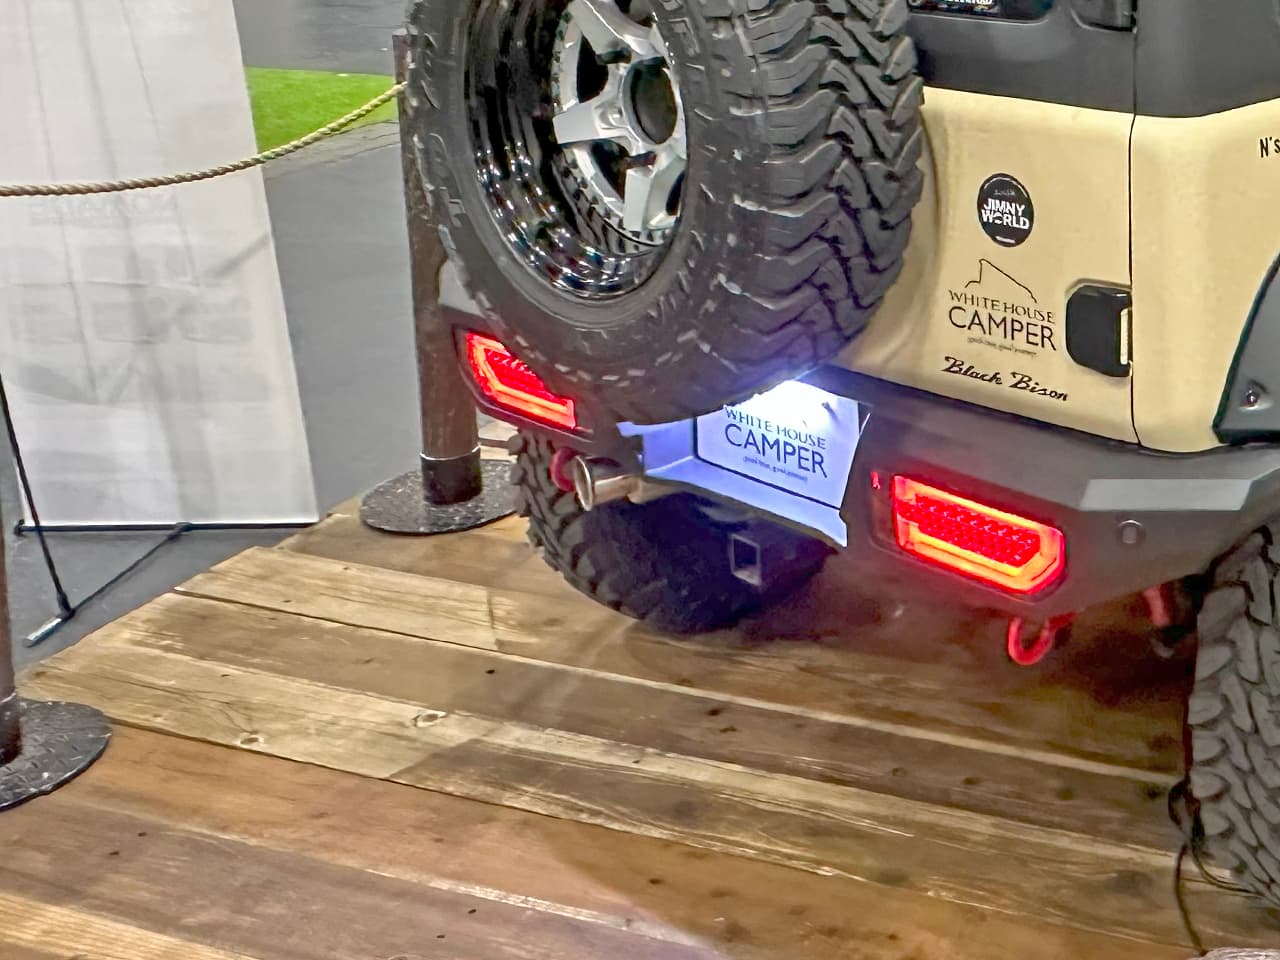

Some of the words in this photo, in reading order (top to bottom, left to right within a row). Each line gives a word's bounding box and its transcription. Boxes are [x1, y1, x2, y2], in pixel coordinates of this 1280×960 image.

[1259, 136, 1280, 158] N's
[981, 209, 1030, 230] WORLD
[983, 197, 1025, 216] JIMNY
[948, 289, 1000, 312] WHITE
[1003, 302, 1056, 325] HOUSE
[948, 306, 1057, 352] CAMPER
[941, 355, 1003, 385] Black
[1009, 371, 1069, 401] Bison
[725, 407, 773, 432] WHITE
[776, 425, 826, 450] HOUSE
[725, 423, 828, 479] CAMPER
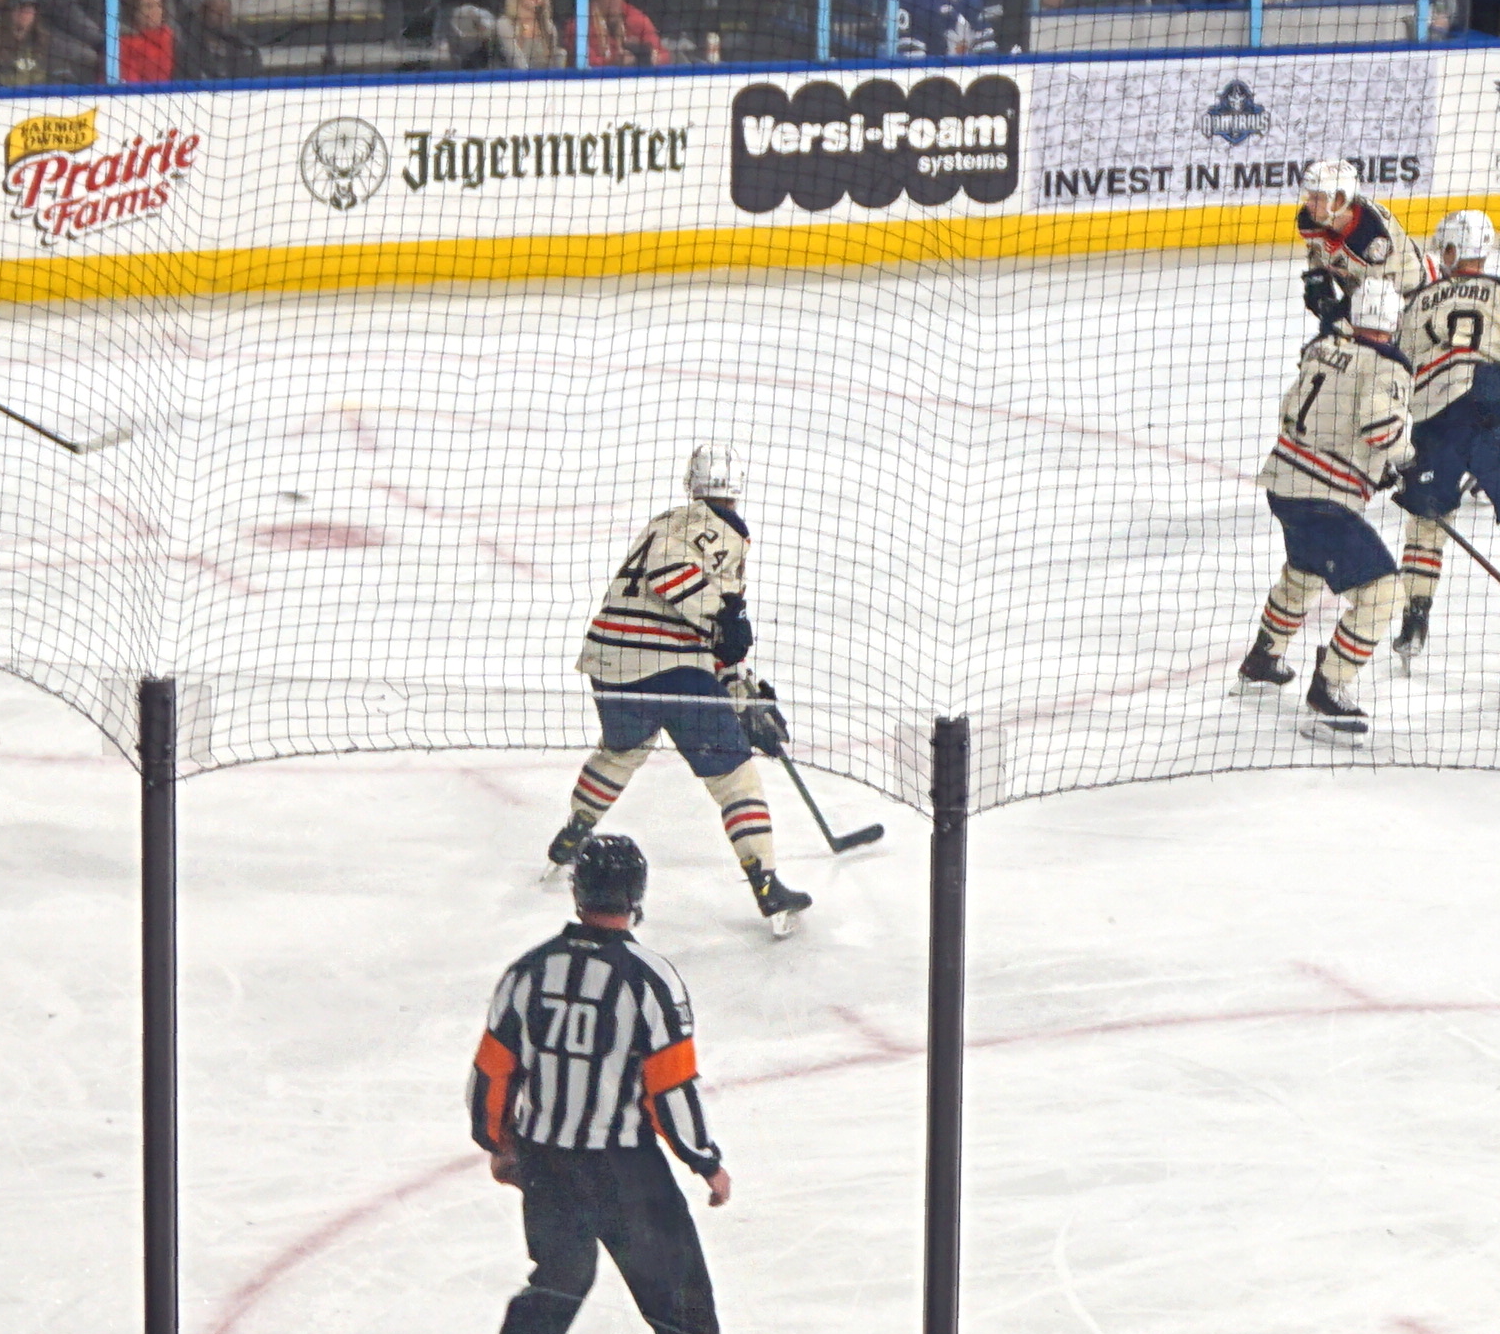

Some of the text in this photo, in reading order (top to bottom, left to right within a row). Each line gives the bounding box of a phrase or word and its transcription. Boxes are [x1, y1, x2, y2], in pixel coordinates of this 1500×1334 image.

[742, 112, 1008, 156] Versi-Foam
[1200, 110, 1271, 139] ADMIRALS
[11, 128, 200, 209] Prairie
[917, 151, 1008, 177] systems
[1044, 154, 1421, 198] INVEST IN MEMRIES
[43, 181, 171, 236] Farms
[1421, 284, 1490, 312] SANFORD
[693, 528, 729, 572] 24
[539, 997, 598, 1056] 70

■ **TASK PROMPT**
Give every line above again exactly, with no pictures.

■ **YOUR SOLUTION**
Some of the words in this photo, in reading order (top to bottom, left to right within a row). Each line gives a word's bounding box and its transcription. Boxes are [x1, y1, x2, y2], in pixel coordinates of this 1280×960 image.

[1259, 136, 1280, 158] N's
[981, 209, 1030, 230] WORLD
[983, 197, 1025, 216] JIMNY
[948, 289, 1000, 312] WHITE
[1003, 302, 1056, 325] HOUSE
[948, 306, 1057, 352] CAMPER
[941, 355, 1003, 385] Black
[1009, 371, 1069, 401] Bison
[725, 407, 773, 432] WHITE
[776, 425, 826, 450] HOUSE
[725, 423, 828, 479] CAMPER

Some of the text in this photo, in reading order (top to bottom, left to right within a row). Each line gives the bounding box of a phrase or word and its transcription. Boxes are [x1, y1, x2, y2], in pixel coordinates of this 1500×1334 image.

[742, 112, 1008, 156] Versi-Foam
[1200, 110, 1271, 139] ADMIRALS
[11, 128, 200, 209] Prairie
[917, 151, 1008, 177] systems
[1044, 154, 1421, 198] INVEST IN MEMRIES
[43, 181, 171, 236] Farms
[1421, 284, 1490, 312] SANFORD
[693, 528, 729, 572] 24
[539, 997, 598, 1056] 70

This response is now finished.